Departamento de Sistemas Informáticos, Escuela Técnica Superior de Sistemas Informáticos, Universidad Politécnica de Madrid, 28031 Madrid, Spain.
Departamento de Ingeniería Electromecánica, Escuela Politécnica Superior, Universidad de Burgos, 09006 Burgos, Spain.
Sensors (Basel). 2023 Mar 27;23(7):3516. doi: 10.3390/s23073516.
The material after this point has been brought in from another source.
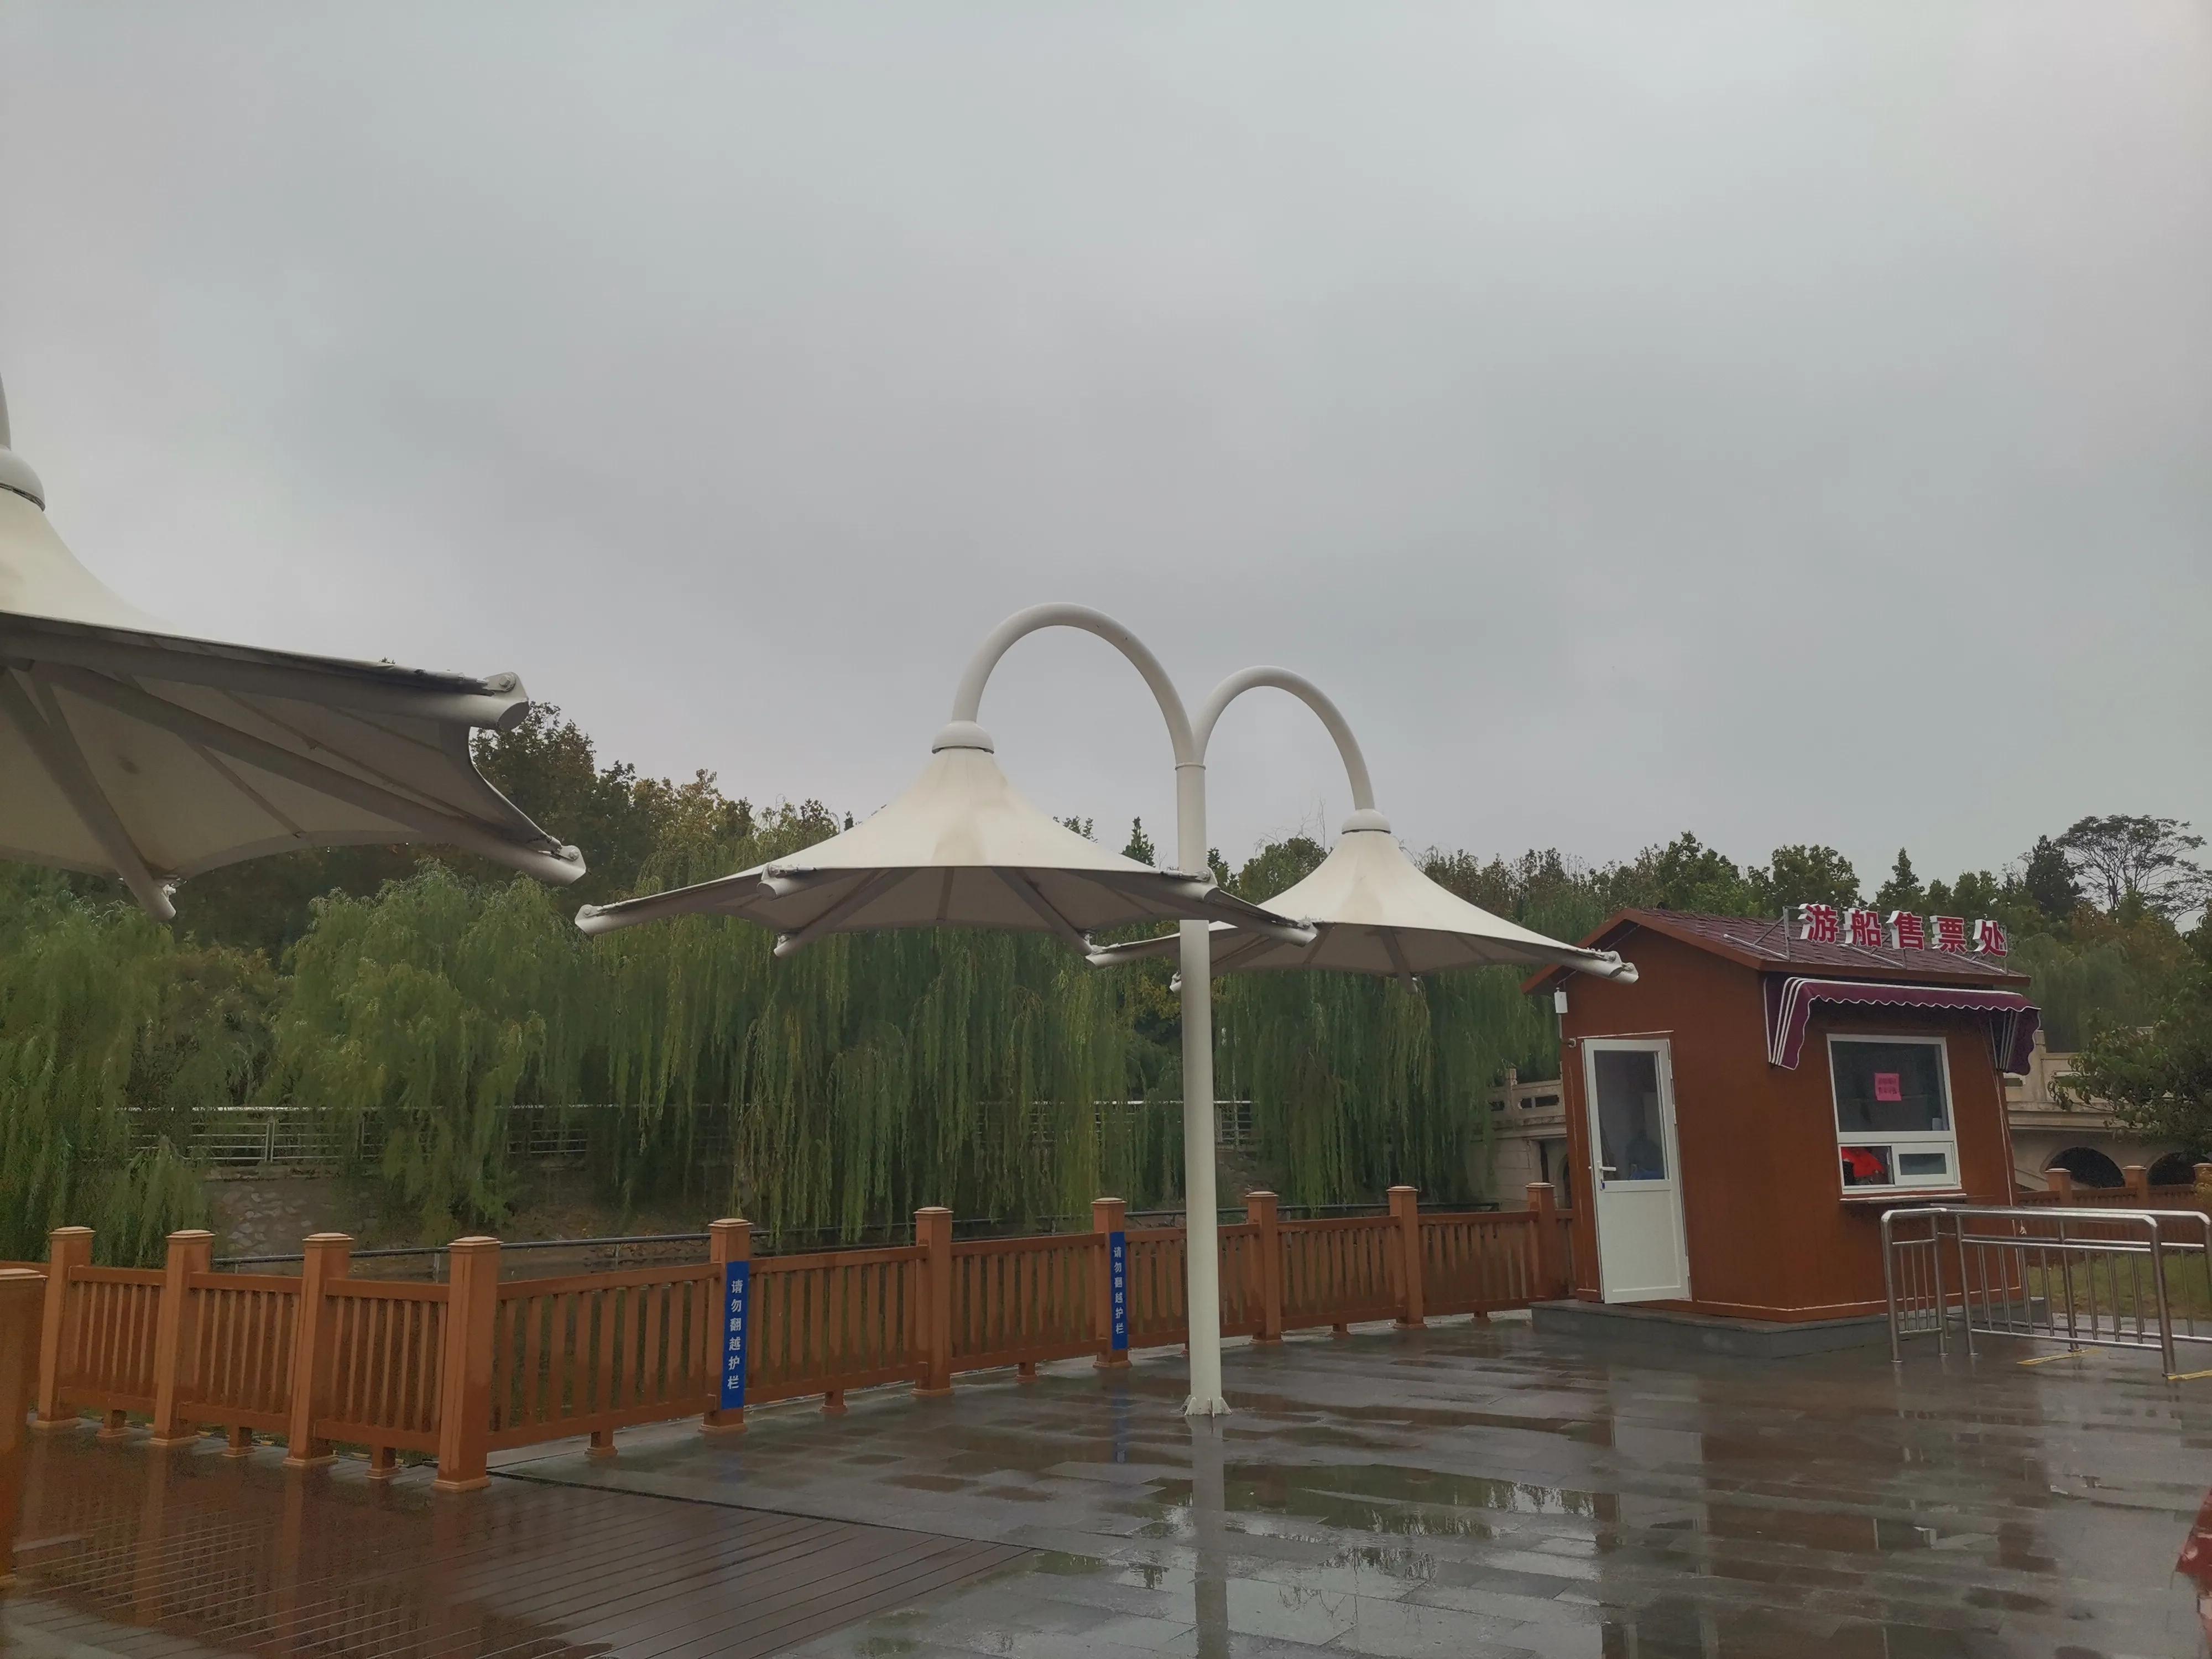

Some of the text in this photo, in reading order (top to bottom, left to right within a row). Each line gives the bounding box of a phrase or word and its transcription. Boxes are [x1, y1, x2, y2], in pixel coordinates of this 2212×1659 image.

[1798, 903, 2008, 957] 游船售票处
[727, 1279, 743, 1390] 请勿翻越护栏
Recently, a novel approach in the field of Industry 4.0 factory operations was proposed for a new generation of automated guided vehicles (AGVs) that are connected to a virtualized programmable logic controller (PLC) via a 5G multi-access edge-computing (MEC) platform to enable remote control. However, this approach faces a critical challenge as the 5G network may encounter communication disruptions that can lead to AGV deviations and, with this, potential safety risks and workplace issues. To mitigate this problem, several works have proposed the use of fixed-horizon forecasting techniques based on deep-learning models that can anticipate AGV trajectory deviations and take corrective maneuvers accordingly. However, these methods have limited prediction flexibility for the AGV operator and are not robust against network instability. To address this limitation, this study proposes a novel approach based on multi-horizon forecasting techniques to predict the deviation of remotely controlled AGVs. As its primary contribution, the work presents two new versions of the state-of-the-art transformer architecture that are well-suited to the multi-horizon prediction problem. We conduct a comprehensive comparison between the proposed models and traditional deep-learning models, such as the long short-term memory (LSTM) neural network, to evaluate the performance and capabilities of the proposed models in relation to traditional deep-learning architectures. The results indicate that (i) the transformer-based models outperform LSTM in both multi-horizon and fixed-horizon scenarios, (ii) the prediction accuracy at a specific time-step of the best multi-horizon forecasting model is very close to that obtained by the best fixed-horizon forecasting model at the same step, (iii) models that use a time-sequence structure in their inputs tend to perform better in multi-horizon scenarios compared to their fixed horizon counterparts and other multi-horizon models that do not consider a time topology in their inputs, and (iv) our experiments showed that the proposed models can perform inference within the required time constraints for real-time decision making.
最近,在工业 4.0 工厂运营领域提出了一种新方法,用于新一代通过 5G 多接入边缘计算(MEC)平台连接到虚拟化可编程逻辑控制器(PLC)的自动化导引车(AGV),以实现远程控制。然而,这种方法面临着一个关键挑战,因为 5G 网络可能会遇到通信中断,这可能导致 AGV 偏离,从而带来潜在的安全风险和工作场所问题。为了解决这个问题,已经有几项工作提出了使用基于深度学习模型的固定时间预测技术,该技术可以预测 AGV 轨迹偏离并相应地采取纠正措施。然而,这些方法对于 AGV 操作人员的预测灵活性有限,并且对网络不稳定不具有鲁棒性。为了解决这个限制,本研究提出了一种基于多时间预测技术的新方法来预测远程控制的 AGV 偏差。作为其主要贡献,本工作提出了两种新的最先进的转换器架构版本,非常适合多时间预测问题。我们对所提出的模型与传统的深度学习模型(如长短期记忆(LSTM)神经网络)进行了全面比较,以评估所提出的模型在传统深度学习架构方面的性能和能力。结果表明:(i)在多时间和固定时间场景中,基于转换器的模型均优于 LSTM;(ii)最佳多时间预测模型在特定时间步的预测精度非常接近同一时间步的最佳固定时间预测模型;(iii)在输入中使用时间序列结构的模型在多时间场景中表现优于其固定时间对应模型以及其他不考虑输入时间拓扑的多时间模型;(iv)我们的实验表明,所提出的模型可以在实时决策所需的时间约束内执行推断。